Tacking on a third ETA to my above because "the thing about changing the world... once you do it, the world's all different" also applies, in a sense, to what I still take to be the shunting off of the Fray future into a little pocket existence of its own.
There's a giant section of the population that's obsessed with vampires and they aren't even real. Imagine how hyped they'd be if they were real...


Except that unlike real ones, fictional vampires don't eat people. Even Chantarelle & co in "Lie to Me" changed their minds about the coolness of vampires when they actually met them.

I'm having hard time imagining your average person embracing a creature that's higher on the foodchain than they are - just look at wolves, tigers, sharks, and other large predators that have been (falsely) labelled as man-eaters. Sure, a lot of people think they're cool, but that hasn't saved them from being hunted almost to extinction. Of course, vampires look like humans, which would probably make killing them more problematic, but it's not like that hasn't happened before.
Vampmogs- well, to be honest, I also had trouble with Tara getting shot through the chest just at the moment she and Willow got back together again...

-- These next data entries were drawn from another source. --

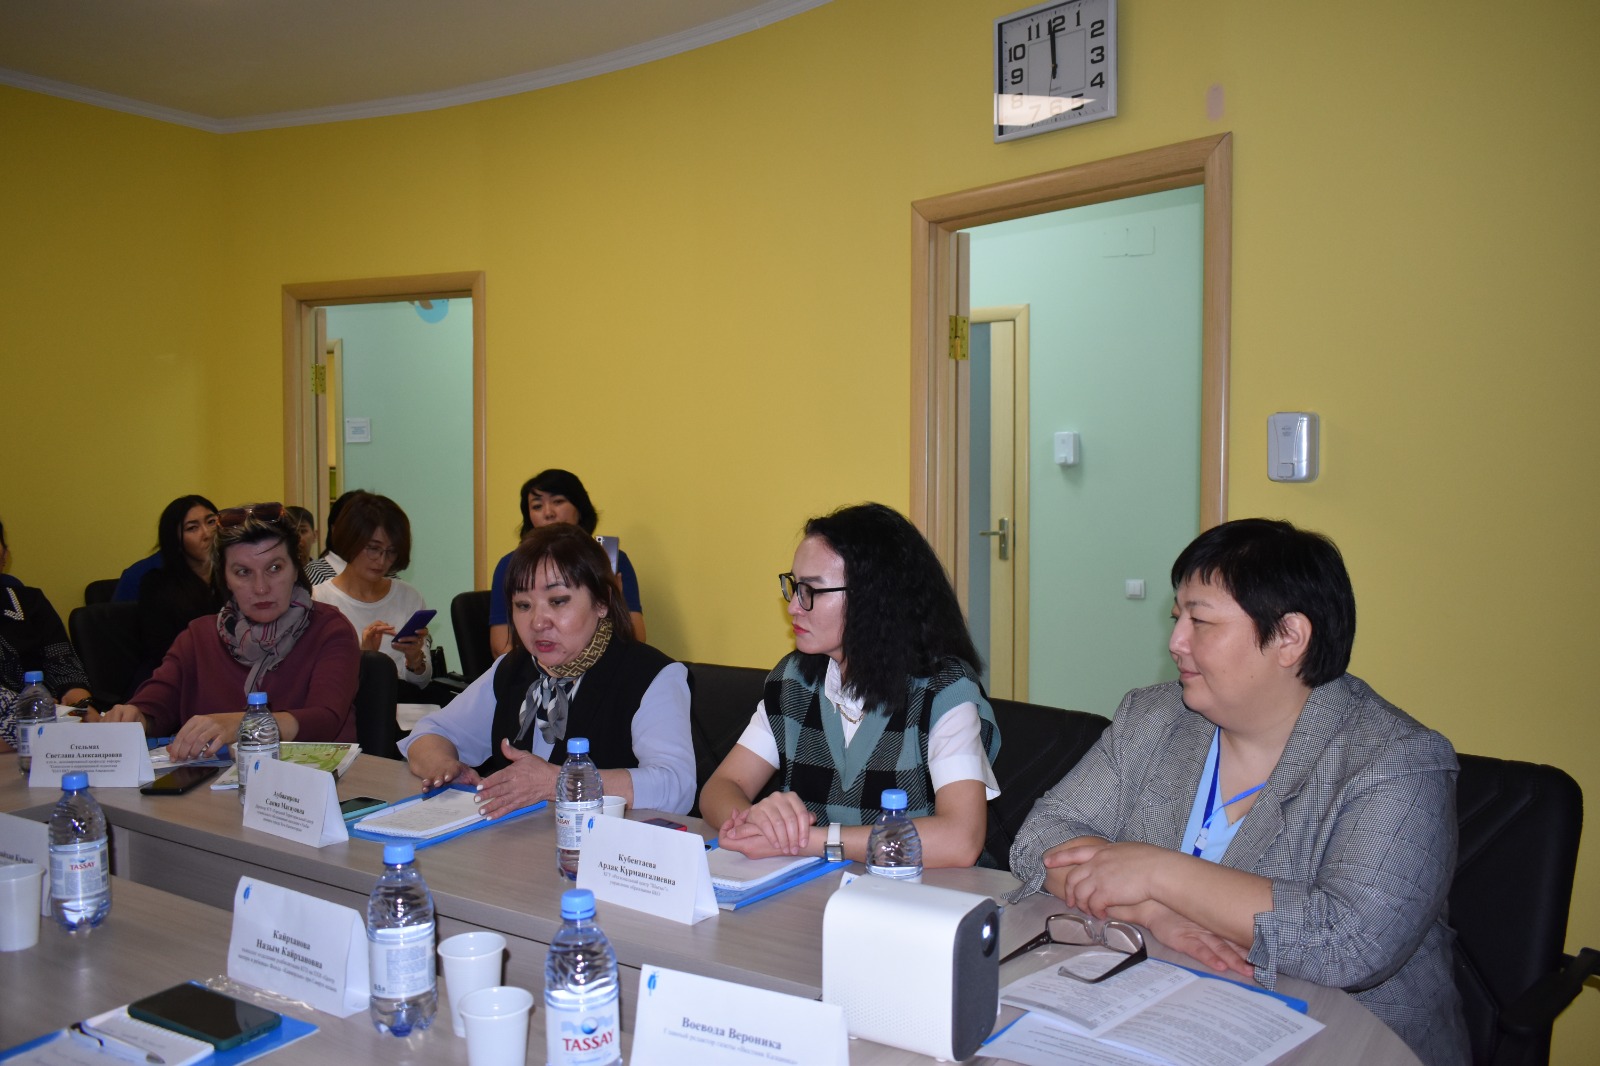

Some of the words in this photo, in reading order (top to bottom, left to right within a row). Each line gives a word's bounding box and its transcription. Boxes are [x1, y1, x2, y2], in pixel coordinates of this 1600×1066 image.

[1047, 15, 1066, 36] 12
[1076, 10, 1081, 27] 1
[1028, 22, 1040, 41] 11
[1090, 19, 1105, 39] 2
[1008, 43, 1026, 62] 10
[1090, 45, 1105, 64] 3
[1011, 67, 1023, 85] 9
[1090, 72, 1105, 88] 4
[1071, 93, 1084, 111] 5
[70, 861, 95, 871] TASSAY
[598, 861, 618, 872] Ардак
[618, 854, 657, 869] Кубентаева
[273, 929, 311, 950] Кайрханова
[256, 938, 280, 954] Назым
[281, 946, 322, 969] Кайрхановна
[562, 1028, 613, 1052] TASSAY
[682, 1016, 726, 1036] Воевода
[728, 1028, 782, 1050] Вероника

And I am also quite aware that there are people willing to excuse just about anything in this comic, from reliance on magical submarines and slayers that know how to run them, to a world accepting vampires as positive role models. I am not one of them.

The amount of meta on comic S8 pales in comparison to what we saw for the TV show and is not a measure of how successful this series is as a series. I still think it is playing to the LCD.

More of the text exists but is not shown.